---- Exercise materials

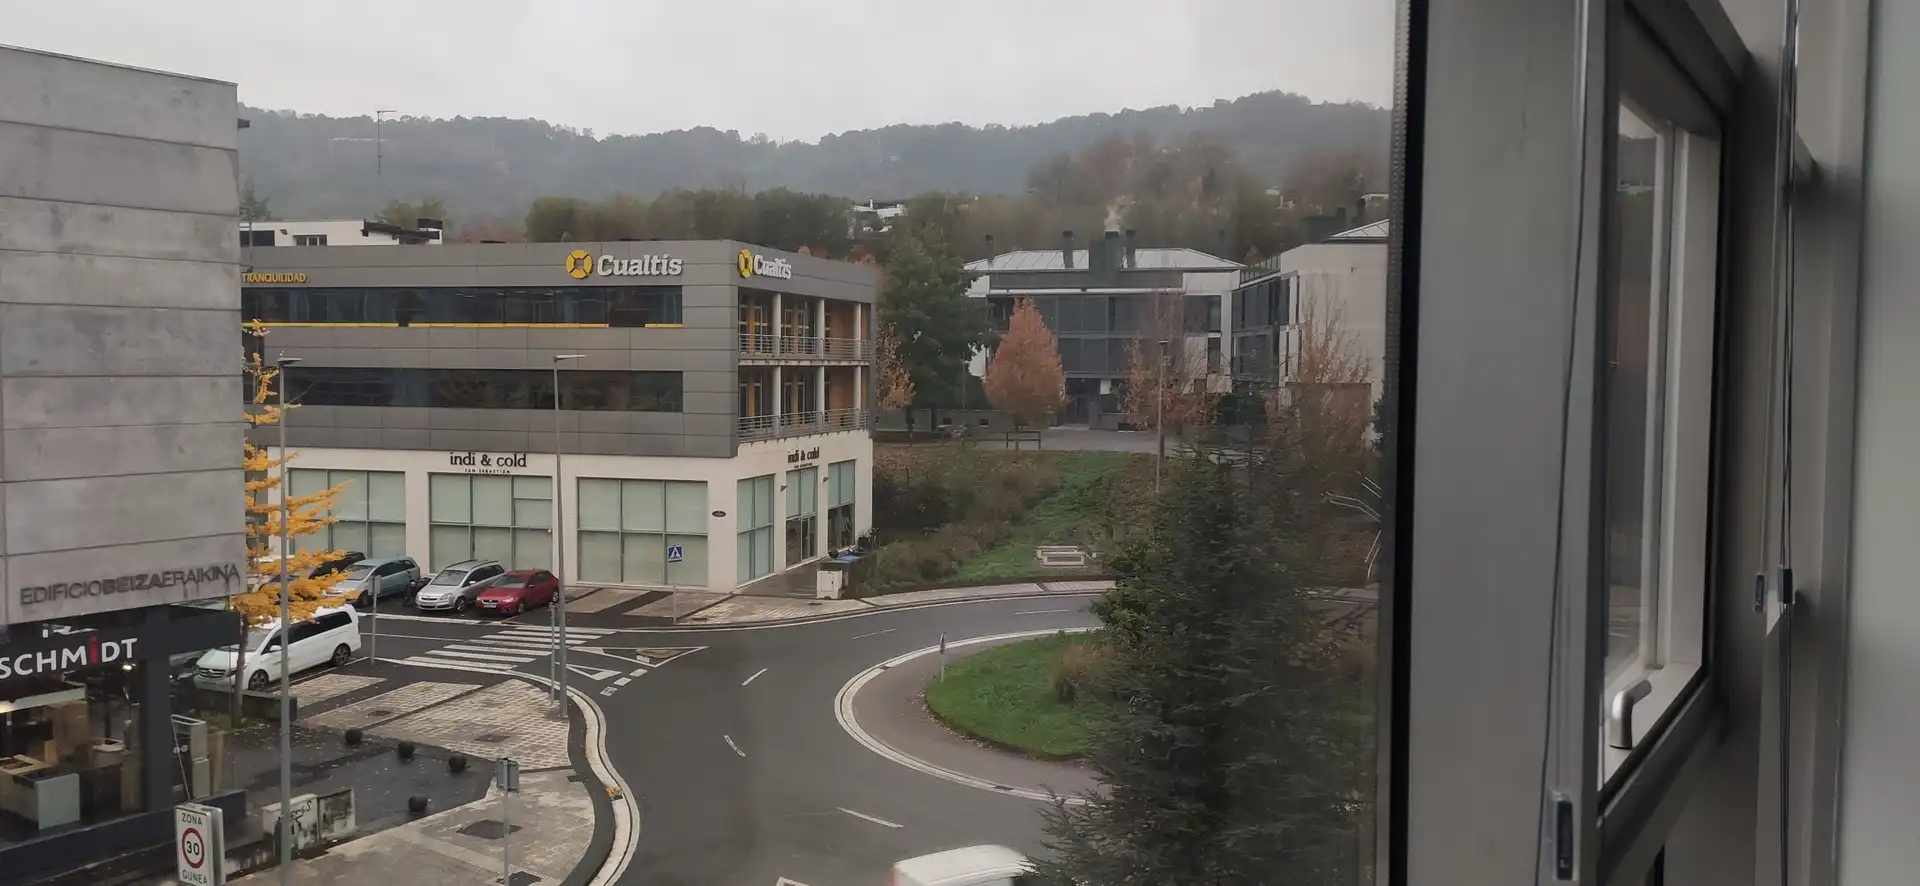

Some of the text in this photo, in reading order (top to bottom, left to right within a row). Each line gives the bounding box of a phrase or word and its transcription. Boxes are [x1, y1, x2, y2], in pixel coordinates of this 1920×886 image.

[597, 254, 683, 276] Cualtis
[754, 254, 792, 279] Cualtis
[449, 451, 527, 467] indi & cold
[181, 812, 203, 826] ZONA
[186, 840, 200, 856] 30
[182, 869, 208, 885] GUNEA
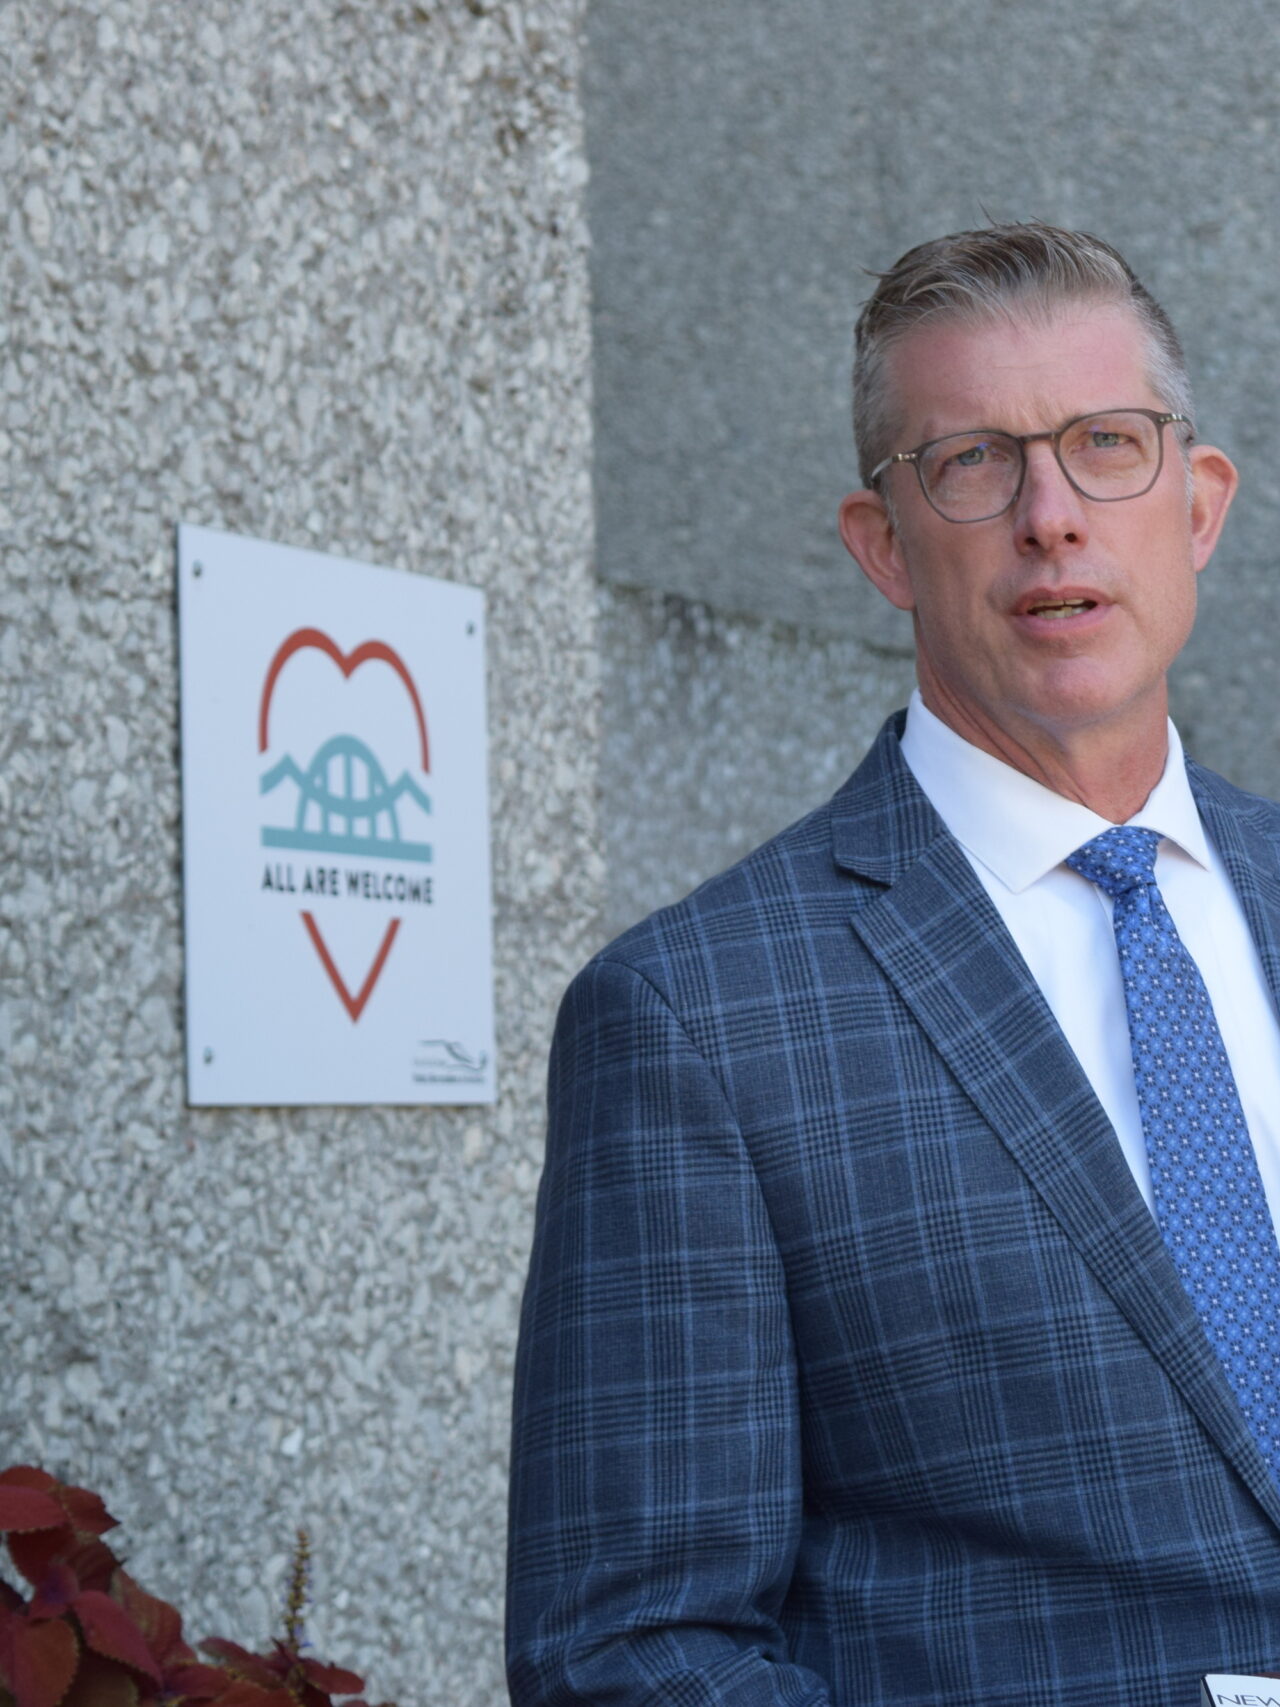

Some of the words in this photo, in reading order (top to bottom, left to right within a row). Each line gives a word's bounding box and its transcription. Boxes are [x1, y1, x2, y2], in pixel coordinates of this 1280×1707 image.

[262, 863, 296, 893] ALL
[302, 865, 339, 897] ARE
[345, 869, 434, 905] WELCOME

--------

Set the pictures aside and transcribe the data above exactly.

Answer below:
Some of the text in this photo, in reading order (top to bottom, left to right within a row). Each line gives the bounding box of a phrase or word and its transcription. Boxes are [x1, y1, x2, y2], in pixel coordinates of this 1920×886 image.

[597, 254, 683, 276] Cualtis
[754, 254, 792, 279] Cualtis
[449, 451, 527, 467] indi & cold
[181, 812, 203, 826] ZONA
[186, 840, 200, 856] 30
[182, 869, 208, 885] GUNEA

Some of the words in this photo, in reading order (top to bottom, left to right within a row). Each line gives a word's bounding box and its transcription. Boxes are [x1, y1, x2, y2], in pixel coordinates of this 1280×1707 image.

[262, 863, 296, 893] ALL
[302, 865, 339, 897] ARE
[345, 869, 434, 905] WELCOME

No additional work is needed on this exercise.